Images are to be dropped, and the rest of the data reproduced exactly.
Segment Start: TASK MATERIAL
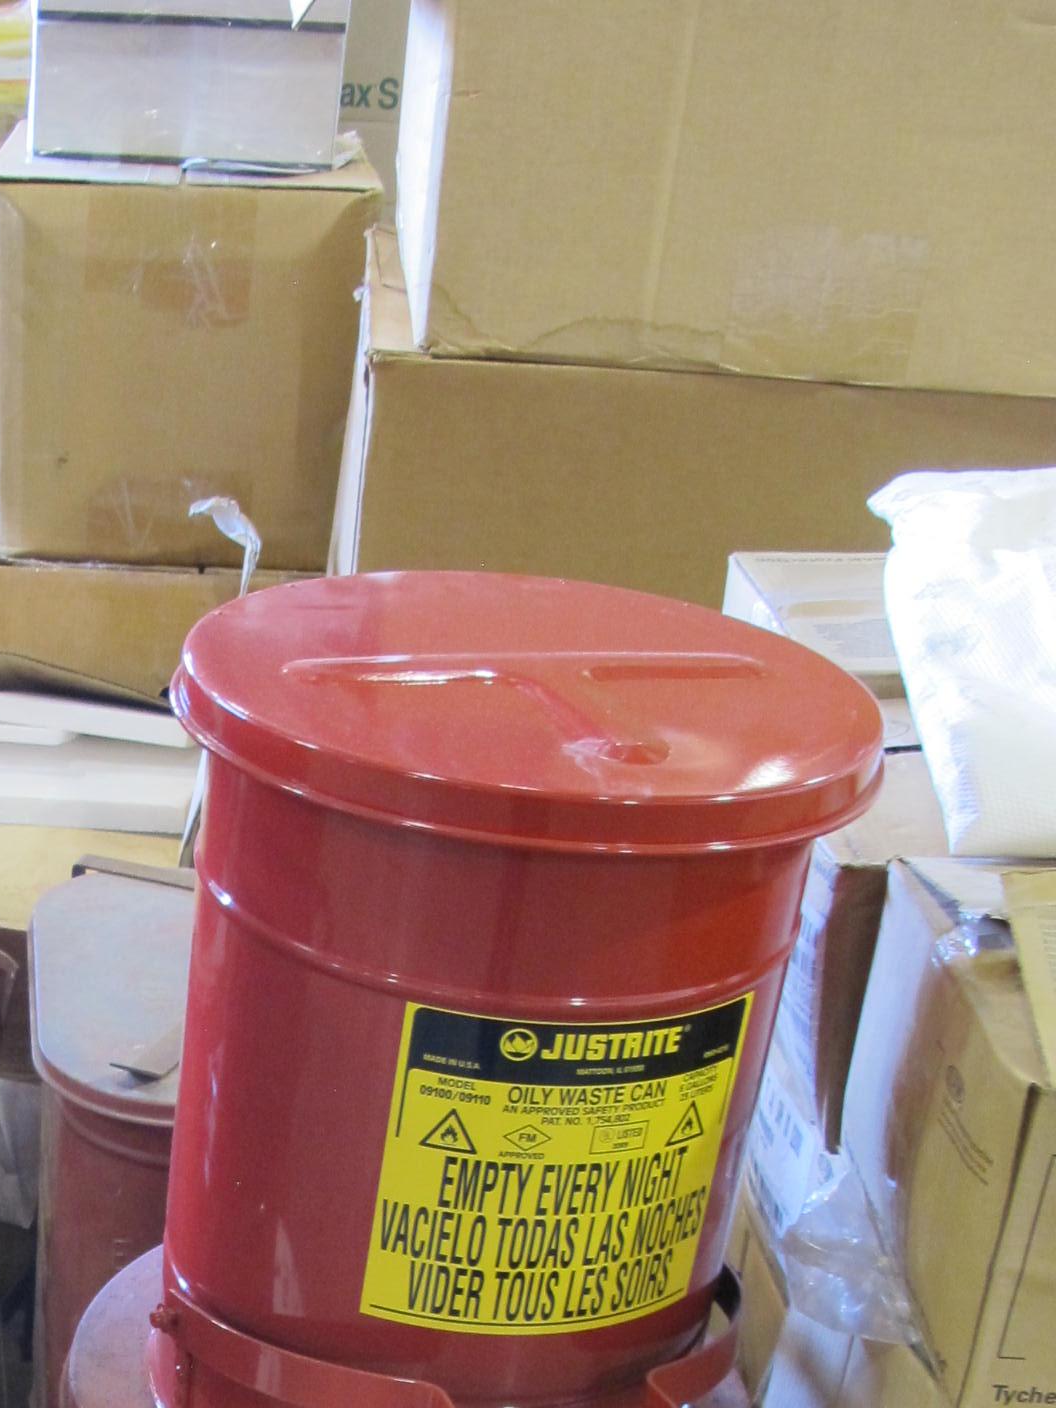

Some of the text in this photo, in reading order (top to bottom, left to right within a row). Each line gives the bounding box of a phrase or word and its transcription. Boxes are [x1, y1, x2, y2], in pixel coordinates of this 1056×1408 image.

[540, 1026, 683, 1061] JUSTRITE
[437, 1076, 477, 1092] MODEL
[508, 1086, 553, 1106] OILY
[559, 1086, 625, 1107] WASTE
[630, 1079, 668, 1102] CAN
[503, 1098, 665, 1117] AN APPROVED SAFETY PRODUCT
[498, 1150, 545, 1161] APPROVED
[438, 1145, 688, 1218] EMPTY EVERY NIGHT
[379, 1189, 708, 1270] VACIELO TODAS LAS NOCHES
[407, 1251, 673, 1323] VIDER TOUS LES SOIRS
[992, 1384, 1056, 1406] Tyche
Segment End: TASK MATERIAL
### [REPLY TO THE EXERCISE]
Some of the text in this photo, in reading order (top to bottom, left to right within a row). Each line gives the bounding box of a phrase or word and its transcription. Boxes are [x1, y1, x2, y2], in pixel coordinates of this 1056×1408 image.

[540, 1026, 683, 1061] JUSTRITE
[437, 1076, 477, 1092] MODEL
[508, 1086, 553, 1106] OILY
[559, 1086, 625, 1107] WASTE
[630, 1079, 668, 1102] CAN
[503, 1098, 665, 1117] AN APPROVED SAFETY PRODUCT
[498, 1150, 545, 1161] APPROVED
[438, 1145, 688, 1218] EMPTY EVERY NIGHT
[379, 1189, 708, 1270] VACIELO TODAS LAS NOCHES
[407, 1251, 673, 1323] VIDER TOUS LES SOIRS
[992, 1384, 1056, 1406] Tyche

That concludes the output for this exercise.